In 2016, Woodsworth was invited to speak in Prague at the EU/North American UN-Habitat 3 Regional meeting, in New York to participate in the Office of the High Commissioner on Human Rights.

She was part of the WTC panel at the Canadian Planners Institute AGM and a keynote speaker at the SFU conference on women and the environment. She was chosen as one of the 30 female top politicians in the City of Vancouver's History.

At the World Urban Forum 9 in Kuala Lumpur, she chaired the Women Transforming Cities panel which launched an online platform. She was awarded the 2018 Rosemary Brown Award for "her exemplary work to bring equality and justice for girls and women locally and globally". She chaired the Sep 11 launch of the Women Friendly Cities 2018 Hot Pink Paper Municipal Campaign in Vancouver which was endorsed by the incoming Mayor and Council.

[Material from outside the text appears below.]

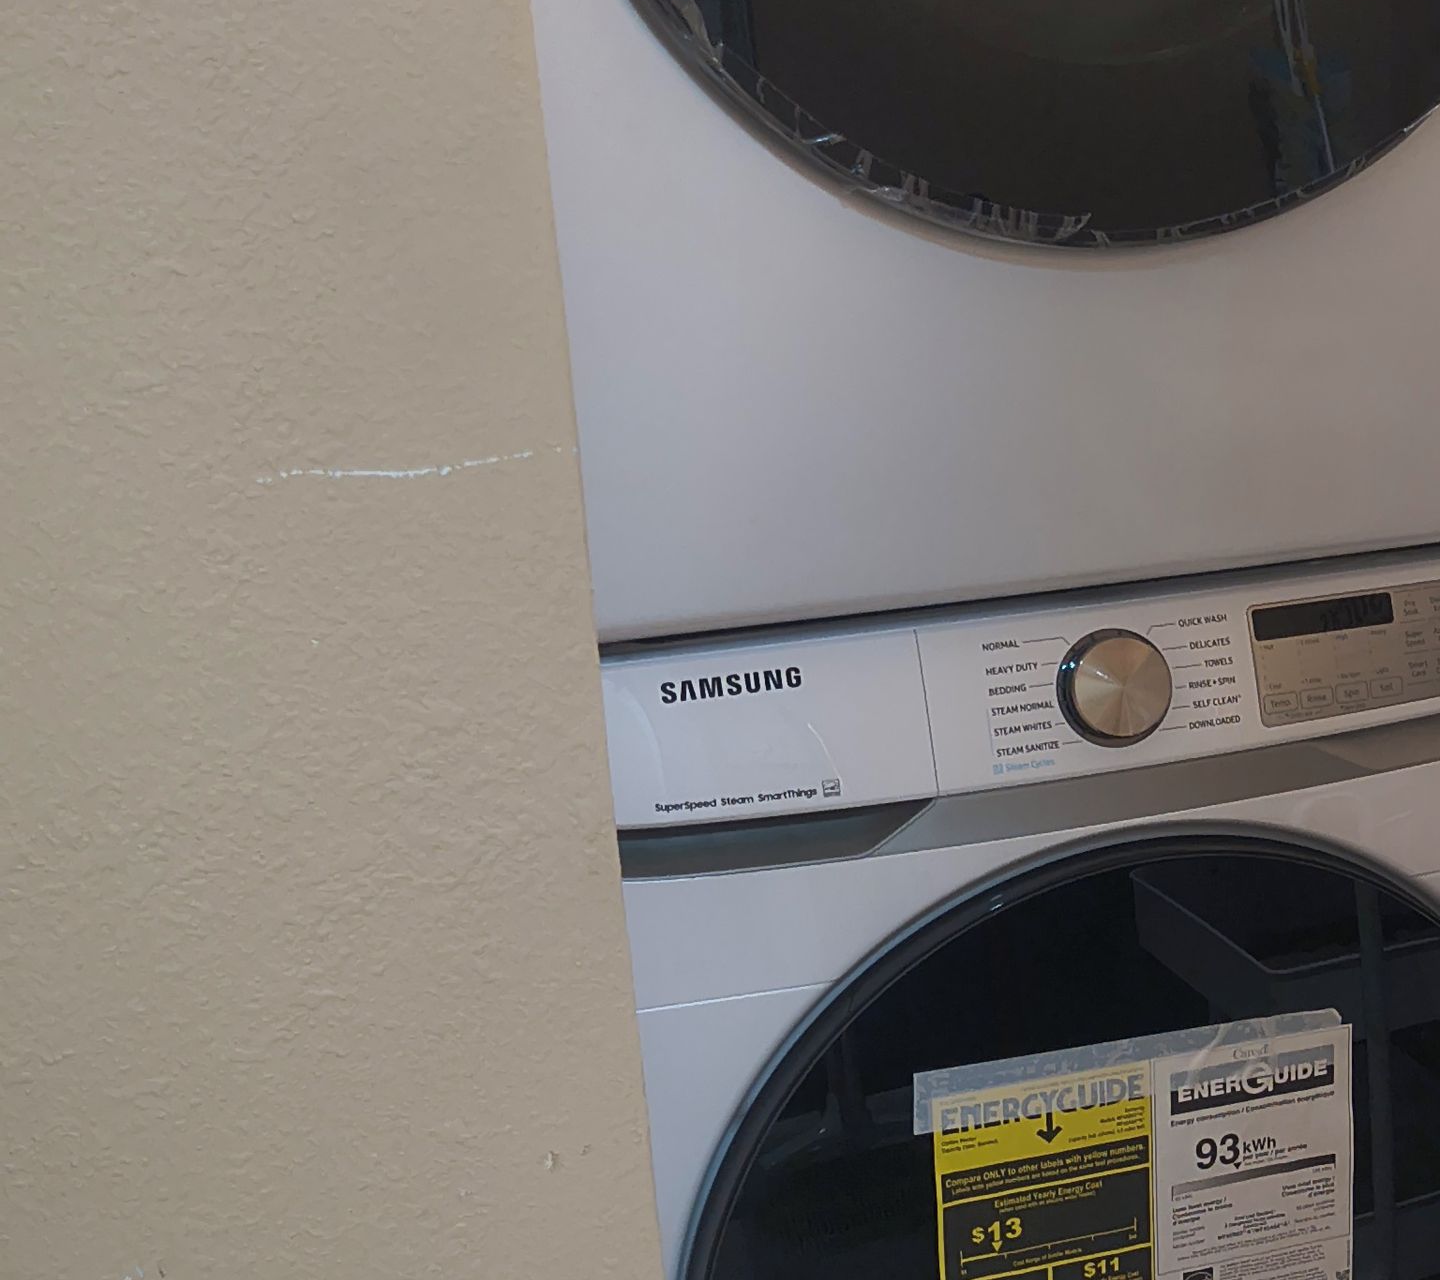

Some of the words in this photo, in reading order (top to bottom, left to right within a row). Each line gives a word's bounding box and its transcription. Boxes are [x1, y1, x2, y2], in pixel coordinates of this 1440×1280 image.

Woodsworth was invited to join 28 people to the Global Table on Female Leadership in Resilient Societies in Udaipur, India in 2018. On May 1, 2019, she was awarded the B.C. Achievement Award and the Mitchell Award which "recognizes leadership that empowers others to engage". On May 29, 2019, she supported a motion at council to apply a gendered intersectional lens to all city departments for six years. She was a consultant and speaker at the NDI Her Story women and governance project in Iraq 2019. She has spoken at the Smart Cities Conference in Montevideo, at RailVolution, in Geneva, Berlin, Mumbai, Abu Dhabi and many conferences around the world.